While Megan was working at different startups, she started speaking and being on panels for diversity and inclusion (D&I), which led her to founding Diversity University, a company that helps organizations implement their diversity, equity, and inclusion initiatives. “It landed at the right time as companies were desperate for practical, measurable, and actionable solutions to help move their D&I initiatives forward. I started working with all sorts of companies and that business just took off,” Megan comments.
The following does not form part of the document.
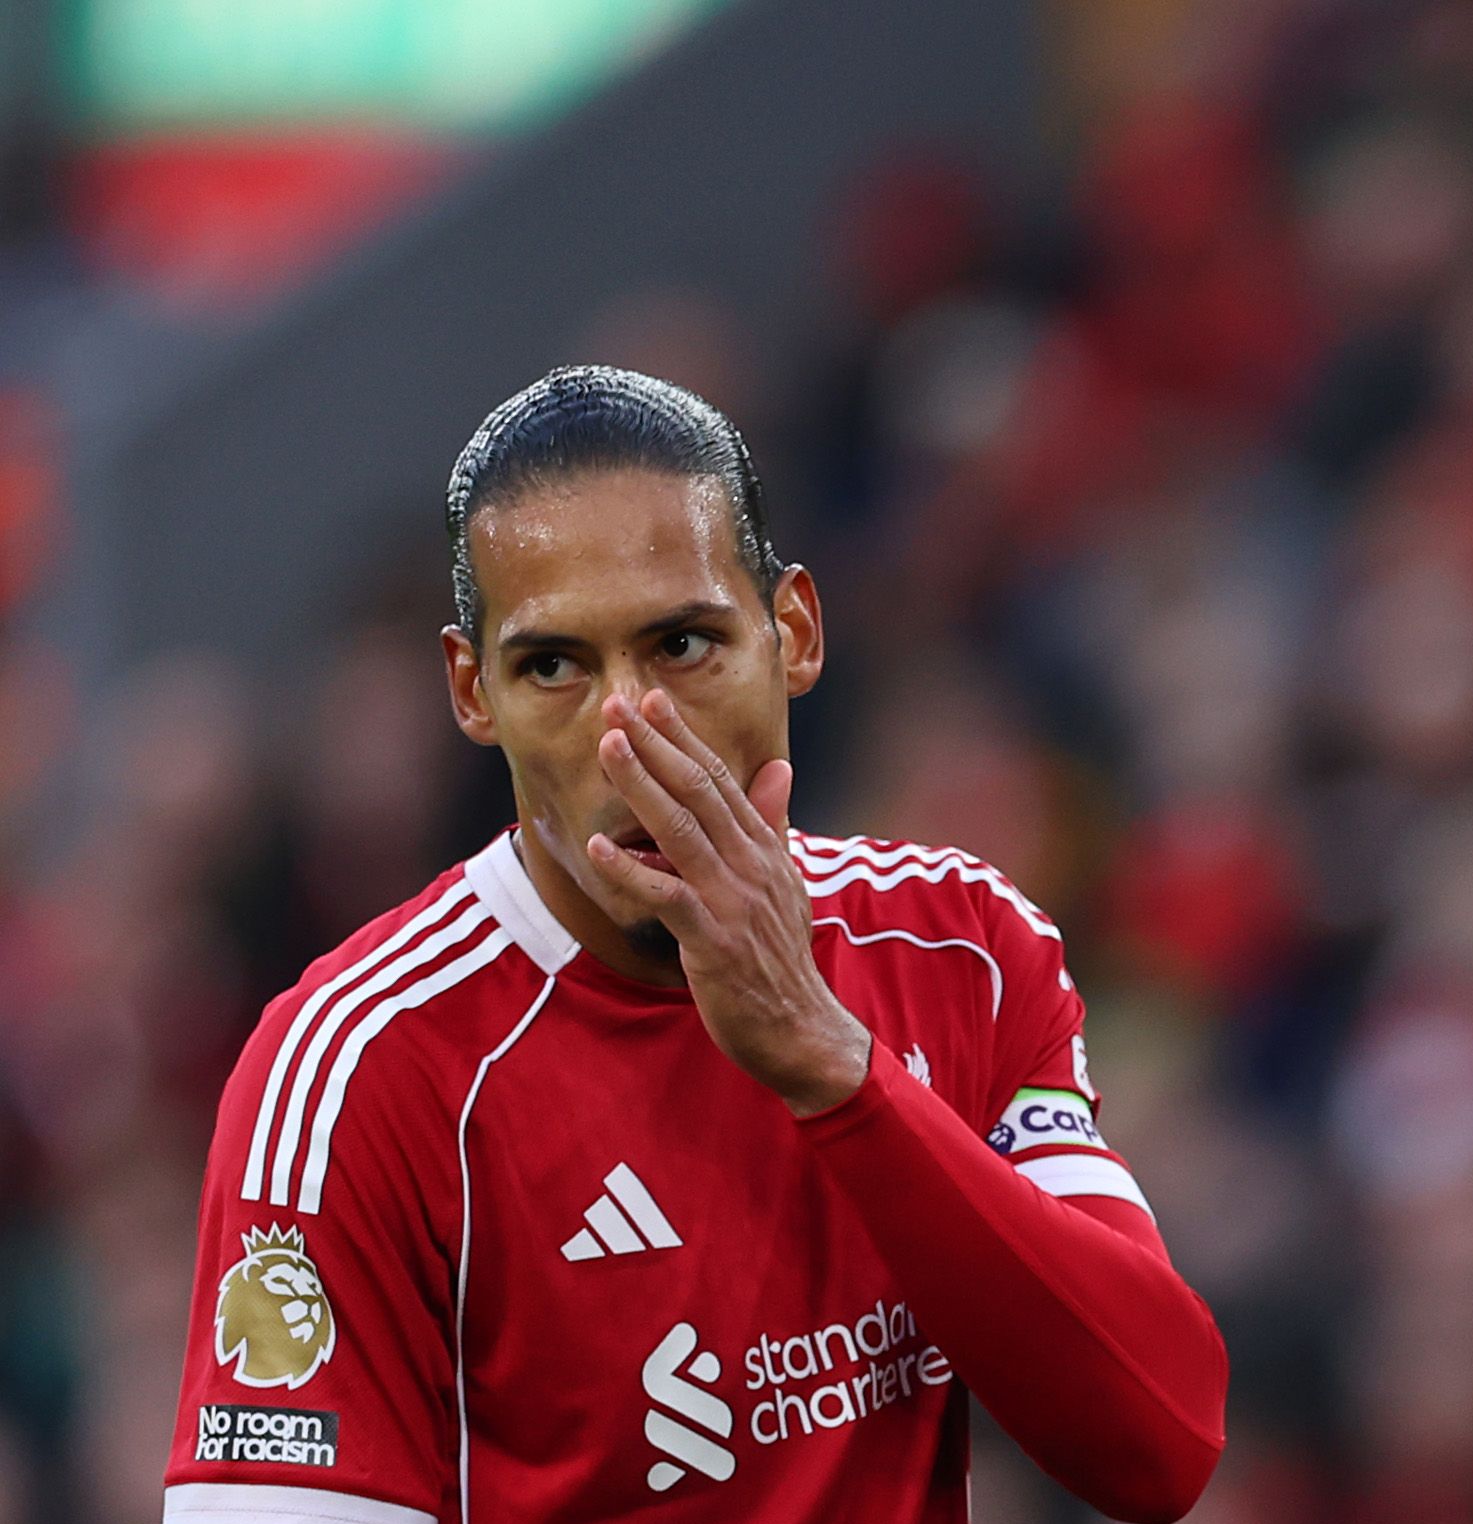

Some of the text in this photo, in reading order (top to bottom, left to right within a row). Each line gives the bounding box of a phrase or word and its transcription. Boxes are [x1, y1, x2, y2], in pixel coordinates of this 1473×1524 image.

[751, 1345, 953, 1444] chartere
[199, 1405, 323, 1441] No room
[231, 1434, 335, 1467] racism
She also serves on the executive board of Centerforce, a third-party advisory board whose members are from various in-house legal departments that come together to promote D&I in the legal community through education and speaking opportunities. And she sits on the board for Providence’s Pediatric Hospice. Megan recently was awarded the 2022 Championing Diversity in Tech award at the Leaders in Tech summit in New York and was featured in Marquis’ “Who’s Who in America.”
Megan has had the opportunity to work on many exciting projects at Glowforge: for example, Glowforge announced a recently launched partnership with Exploding Kittens for non-fungible tokens (NFT). “It was an exciting time for legal because we were learning a new space,” she says.
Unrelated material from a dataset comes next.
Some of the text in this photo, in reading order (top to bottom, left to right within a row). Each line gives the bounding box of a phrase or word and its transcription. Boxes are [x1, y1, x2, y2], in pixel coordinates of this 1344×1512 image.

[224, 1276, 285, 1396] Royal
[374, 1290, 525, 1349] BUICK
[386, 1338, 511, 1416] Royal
Meanwhile, she's managed to fit in another project, the publication of her book, Art of Networking: How Anyone Can Build a Robust Network.
On the infamous question of how to achieve a work-life balance, Megan says, “I don’t think there is a work-life balance, I think there are tradeoffs. You have to be intentional about what you are going to do. And the tradeoffs you are willing to make will change over time. You have to embrace your tradeoffs. No one can do everything. Try to prioritize what seems to be the most important things.”
Q&A with Megan M. Lutes
Why did you want to be a lawyer?
Not one specific thing, but I knew in college that I wanted to go to grad school. I had applied to a PhD program in psychology as well as law school. I felt a law degree was really versatile and that you can do a lot with it because anything in the world has a legal aspect to it. It can be art or science or any other topic, a law degree gives you a career path to do anything you want to do.
What is your favorite advice to give to mentees?
A great mentor told me once, don’t count yourself out of an opportunity because of a challenge that has yet to become a reality – don’t count yourself out over something that may not happen. So many people say “it’s not a good time” to take that next step, volunteer for that board, speak at that event, apply to that new job because of the unknown. What if my priorities change, what if I can’t handle it, if I just wait until I accomplish X, maybe I am not prepared, etc.
Evaluate opportunities based on the present moment — if the job is an incredible opportunity, then apply for it – don’t count yourself out based on a worry that may not happen. If and when your concern becomes a reality – deal with it then. Seize opportunities, or else someone else will.